This action list is creative. Not only that, it calls on our President to deal from a position he knows how to play due to earning his political chops in the badlands of Mayor Daley’s Chicago wards.
Before you read his plan, please note the way in which he has set up the one absolutely essential step required when you have decided to force change in a belligerent situation. That is, you warn your opponent that your rules for the game have, from this time forward, changed. The signal is crucial to any strategy for change in a situation pervaded by chronic hostility.
This move works in intimate relationships, too. Say you have suffered from some annoying habit of those you live with. Maybe they leave the @ &*^%#*& cap off the toothpaste despite your frequent protestations, remonstrations, fits of anger, pleading, etc. Nothing has worked; the cap remains off the toothpaste because no one besides you cares enough to put it back. If you decide to change the rules (no more talk, just direct action) in this game, you need to let your adversaries know that the old behaviors will not be tolerated anymore and then you can proceed with all justice and deliberate speed toward your goal of a capped toothpaste tube.

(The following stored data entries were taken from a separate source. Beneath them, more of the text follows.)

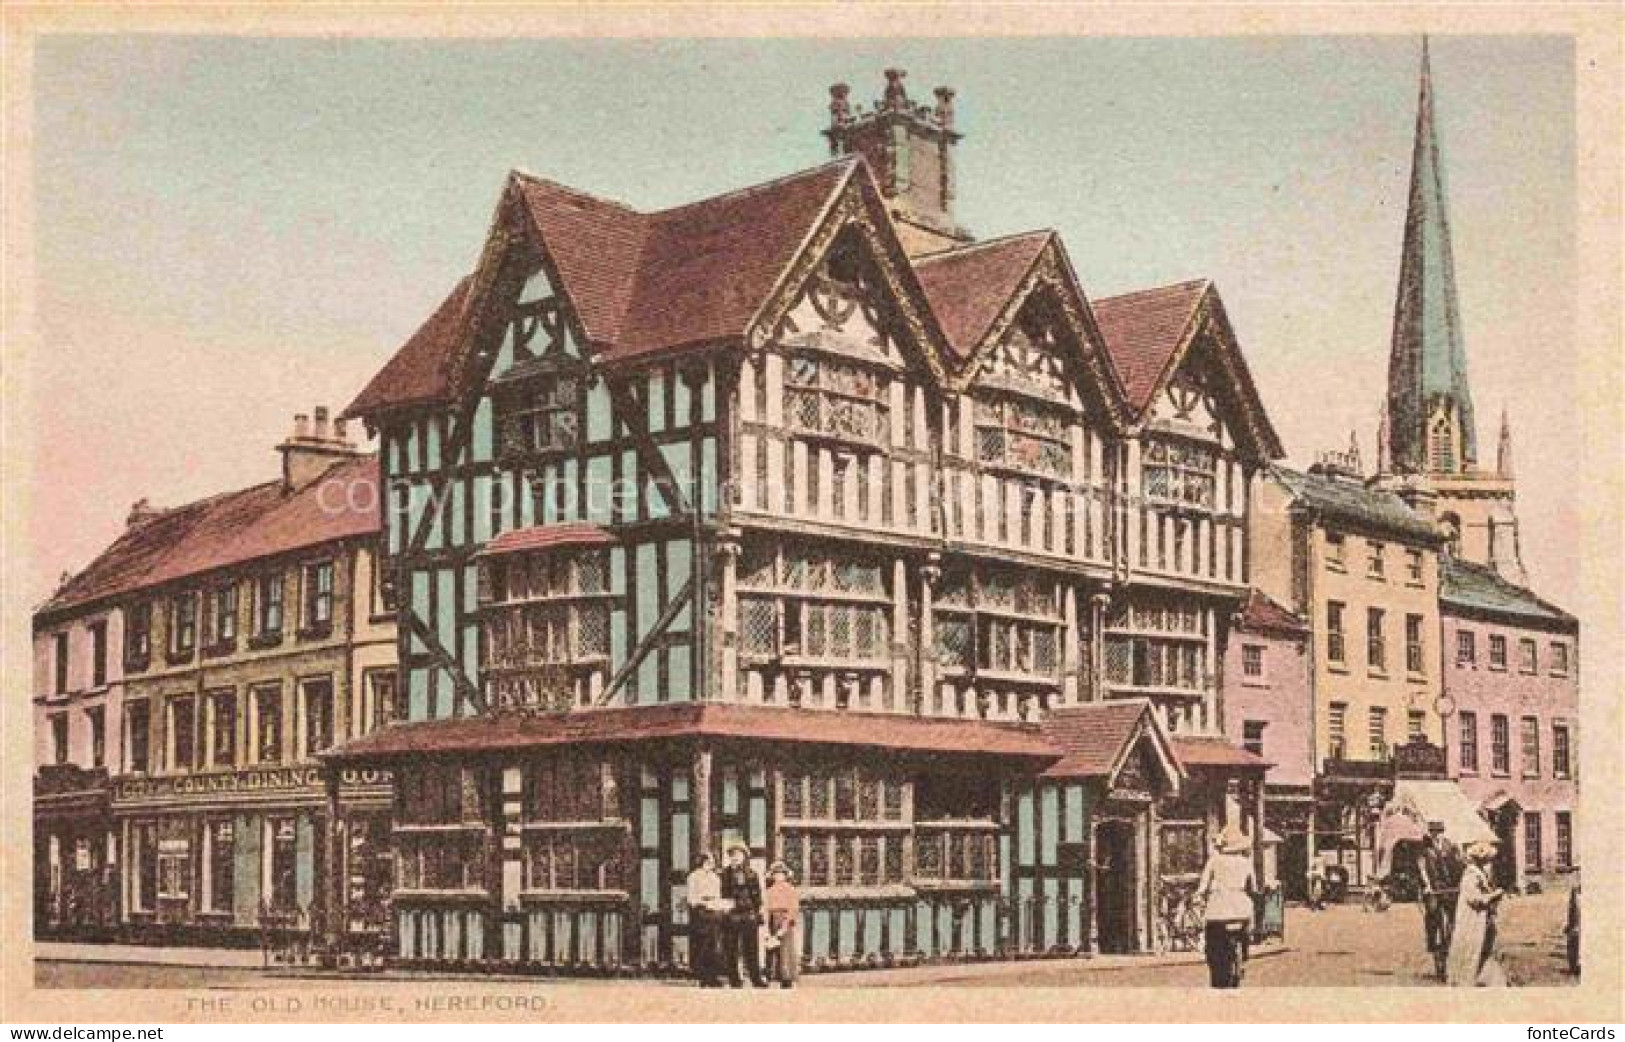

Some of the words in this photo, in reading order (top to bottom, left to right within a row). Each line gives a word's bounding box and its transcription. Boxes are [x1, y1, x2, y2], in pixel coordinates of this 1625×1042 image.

[246, 768, 319, 789] DINING
[187, 997, 232, 1012] THE
[252, 997, 301, 1012] OLD
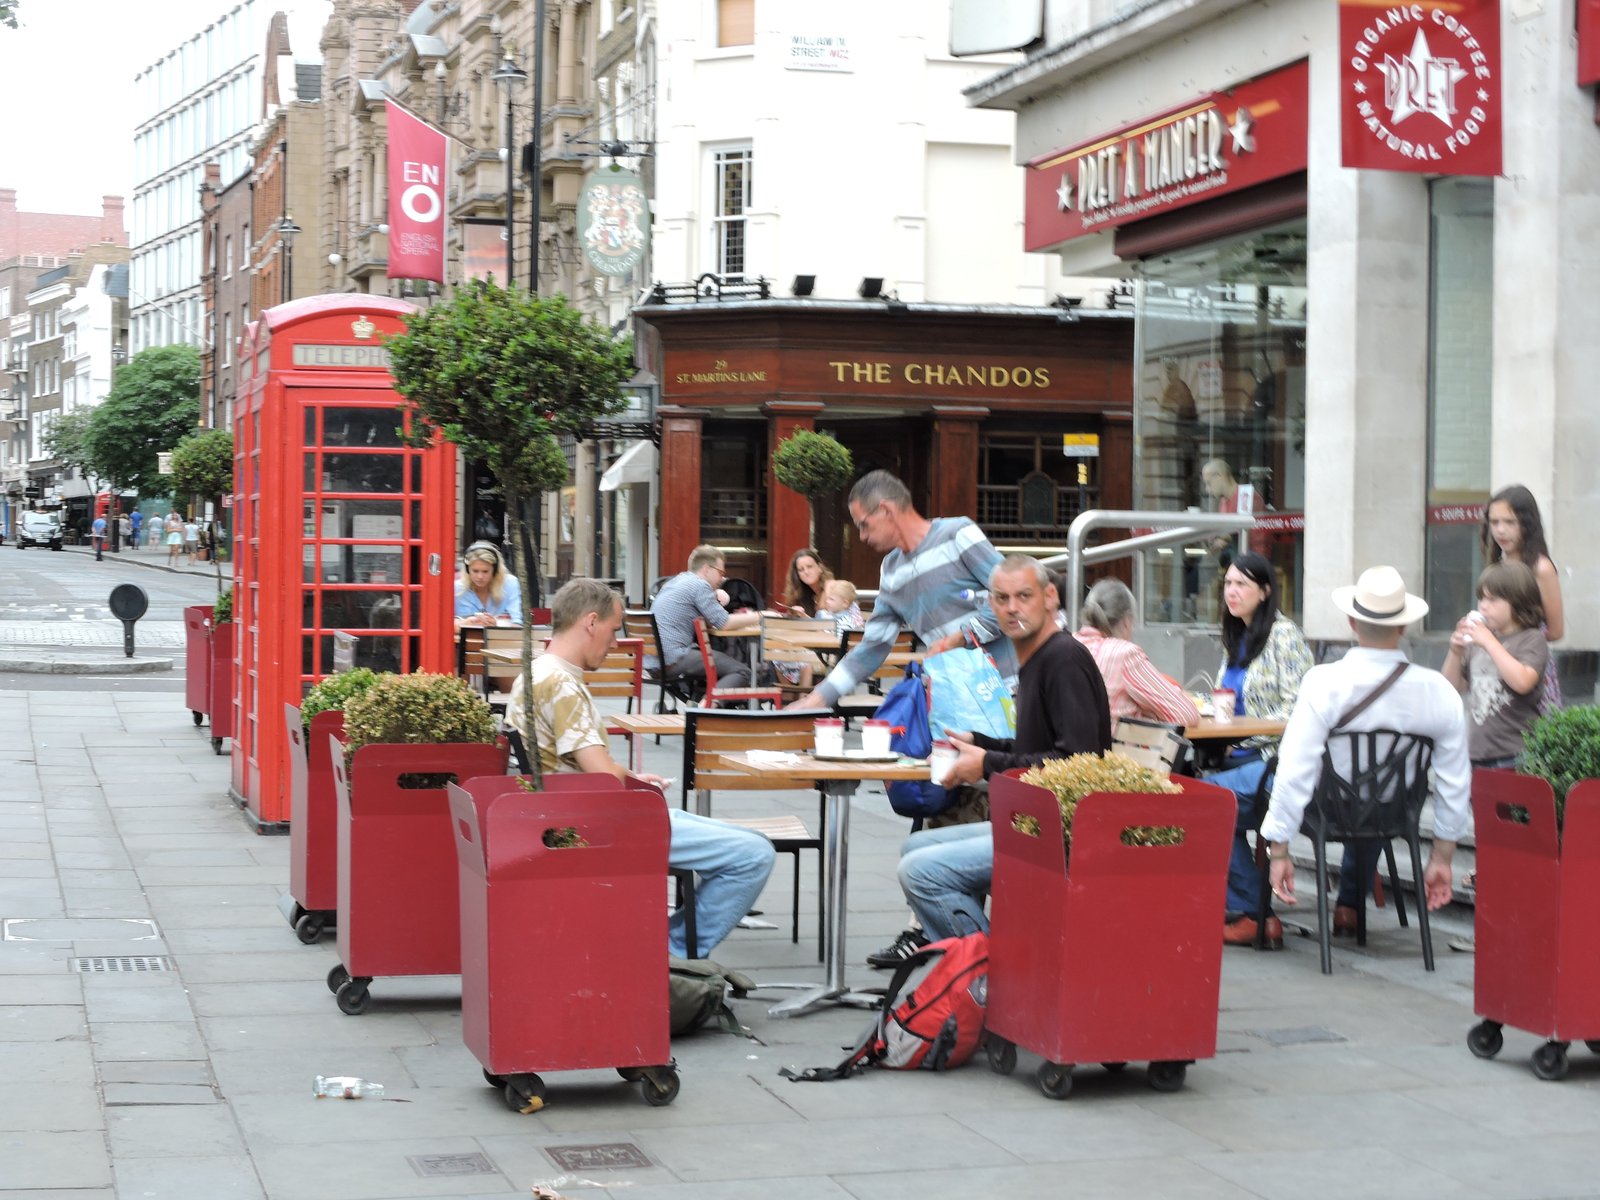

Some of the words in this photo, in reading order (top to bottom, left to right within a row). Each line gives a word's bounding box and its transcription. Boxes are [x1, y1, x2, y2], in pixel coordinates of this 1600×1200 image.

[791, 47, 825, 57] STREET
[1351, 4, 1424, 72] ORGANIC
[1431, 8, 1491, 80] COFFEE
[1384, 52, 1460, 115] PRET
[1356, 100, 1442, 161] NATURAL
[1445, 105, 1486, 154] FOOD
[403, 161, 439, 186] EN
[1078, 145, 1119, 213] PRET
[1124, 139, 1140, 199] A
[1144, 108, 1230, 193] MANGER
[401, 184, 441, 223] O
[300, 347, 393, 366] TELEPHO
[740, 371, 767, 382] LANE
[829, 361, 892, 384] THE
[904, 363, 1050, 388] CHANDOS
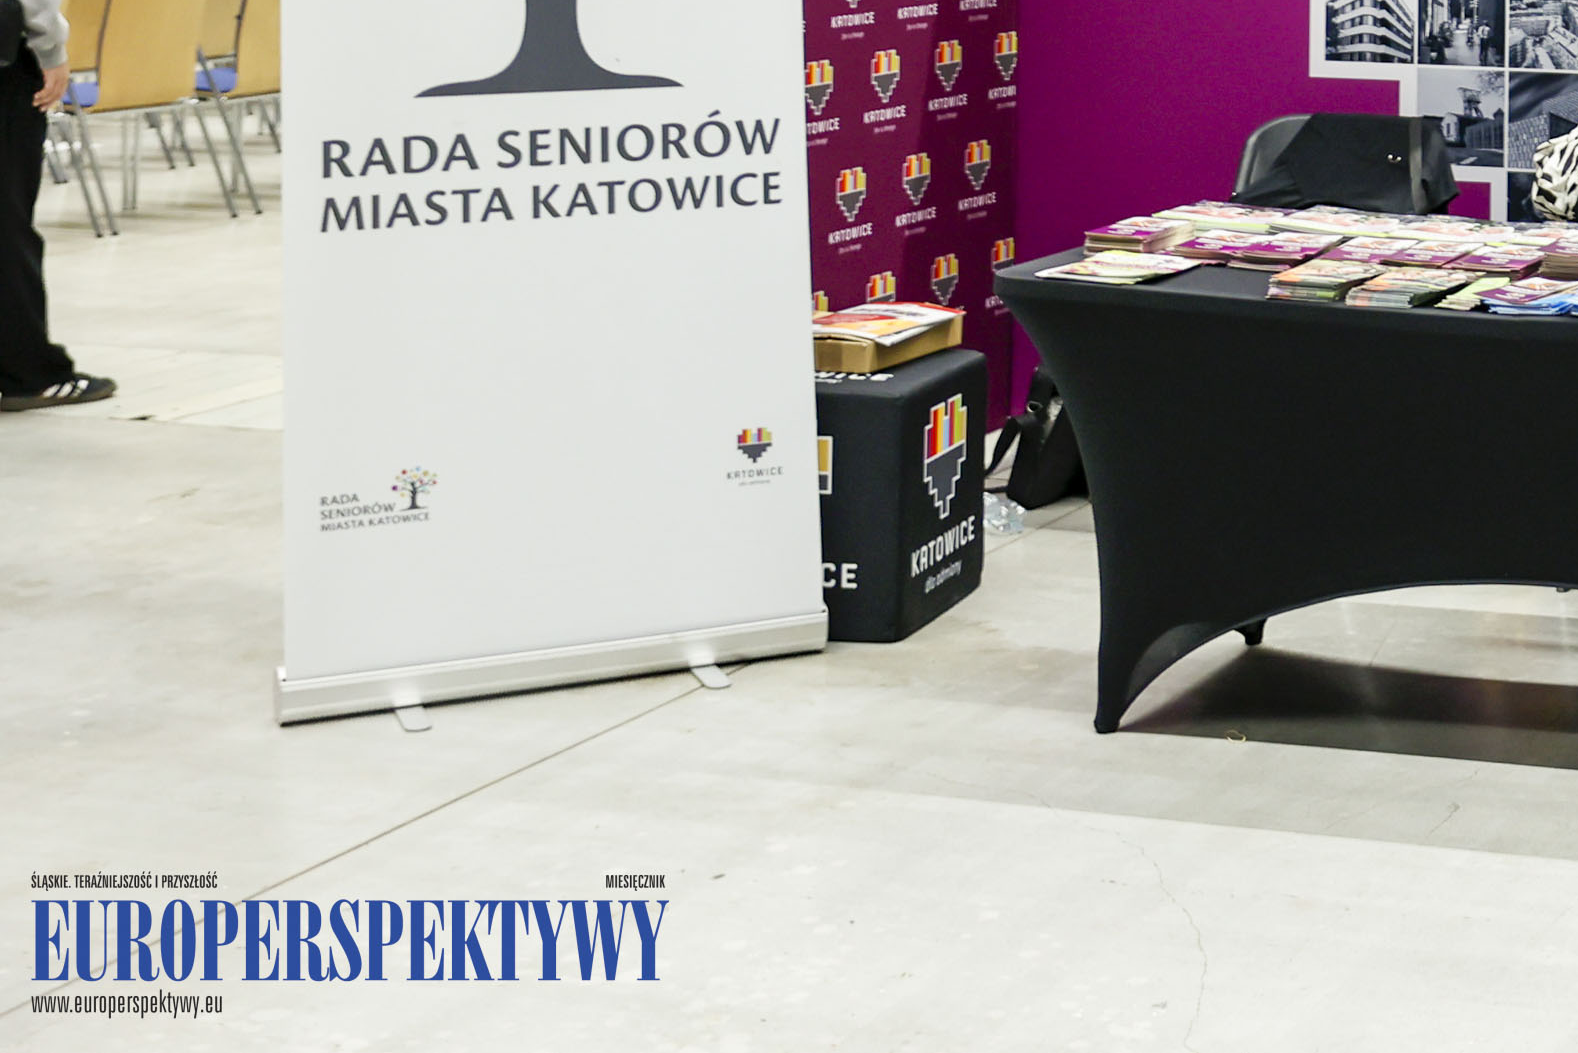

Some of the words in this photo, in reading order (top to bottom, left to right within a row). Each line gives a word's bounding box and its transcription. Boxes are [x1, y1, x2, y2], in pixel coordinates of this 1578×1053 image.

[830, 11, 875, 29] KATOWICE
[897, 3, 938, 20] KATOWICE
[928, 93, 968, 112] KATOWICE
[863, 104, 907, 124] KATOWICE
[321, 133, 479, 178] RADA
[497, 109, 781, 169] SENIORÓW
[320, 187, 515, 233] MIASTA
[532, 171, 783, 219] KATOWICE
[958, 191, 997, 211] KATOWICE
[895, 206, 937, 228] KATOWICE
[828, 222, 873, 245] KATOWICE
[727, 466, 784, 480] KATOWICE
[320, 493, 360, 507] RADA
[320, 501, 396, 520] SENIORÓW
[320, 519, 365, 532] MIASTA
[368, 512, 430, 527] KATOWICE
[910, 514, 976, 579] KATOWICE
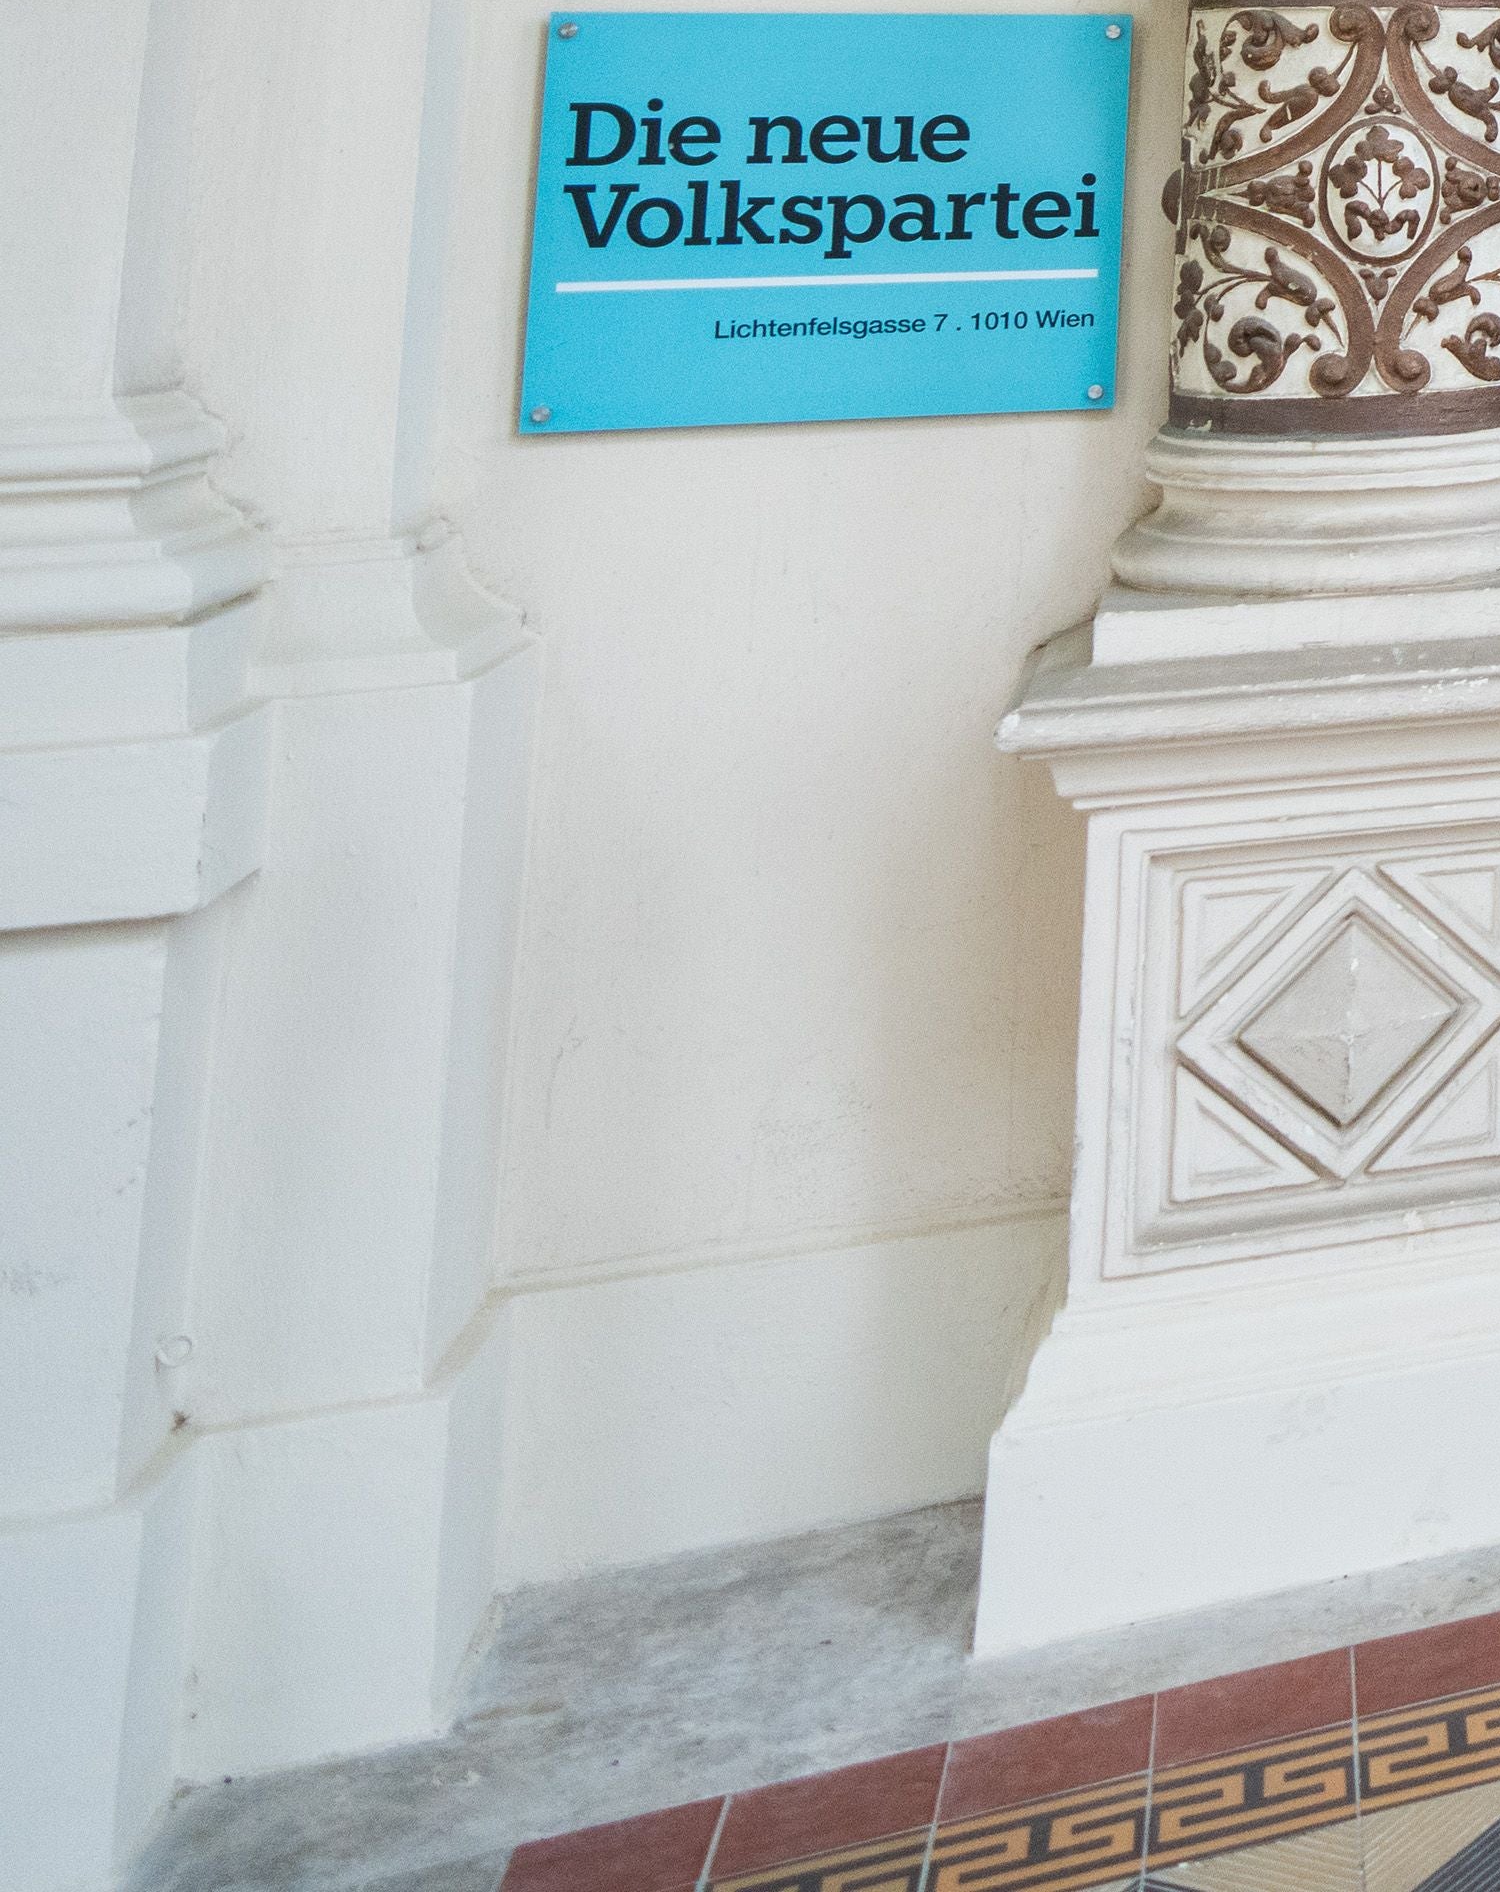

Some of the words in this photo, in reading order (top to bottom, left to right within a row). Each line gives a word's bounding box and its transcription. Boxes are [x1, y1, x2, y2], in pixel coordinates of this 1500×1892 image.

Thus, here are the steps we need to take to change this annoying habit of the Iranians regarding Iraq’s oil wells:
1. For right now, send a combined U.S. and Iraqi force into the area; the Iranians will amble on out, smirking. We linger at the border for a few weeks, then withdraw. (This step is necessary to feign weakness and set the Iranians up for step 3.)
2. Inform Iran that this is the last time they will enter the Abu Gharb oil field, the Iraqi side of the al-Fakkah field, or any other Iraqi oil field… but don’t tell them what will happen if they do. We keep troops fairly nearby but not close enough to keep the Iranians from doing what comes naturally.
3. Within a few months, Iran will do it again; we know they will, because we deliberately signalled weakness with step 1. This is the trigger for which we will be waiting: Our troops move into the region; the Iranians withdraw. But instead of stopping at the border, American troops move into Iranian territory, seize some of their oil wells (on the pretext that they are “disputed territory”)… and sit on them.
4. We invite Iraqi oil workers in to start pumping the oil from these wells and driving it back to Iraq. The idea is not just to chase Iran out of Iraq but to force them to serve penance for their sins.
5. We hold the wells for six months; then we tell Iran that this seizure was their one warning: The next time Iran invades any portion of Iraq, these wells and unspecified other assets will be annexed to Iraq… permanently.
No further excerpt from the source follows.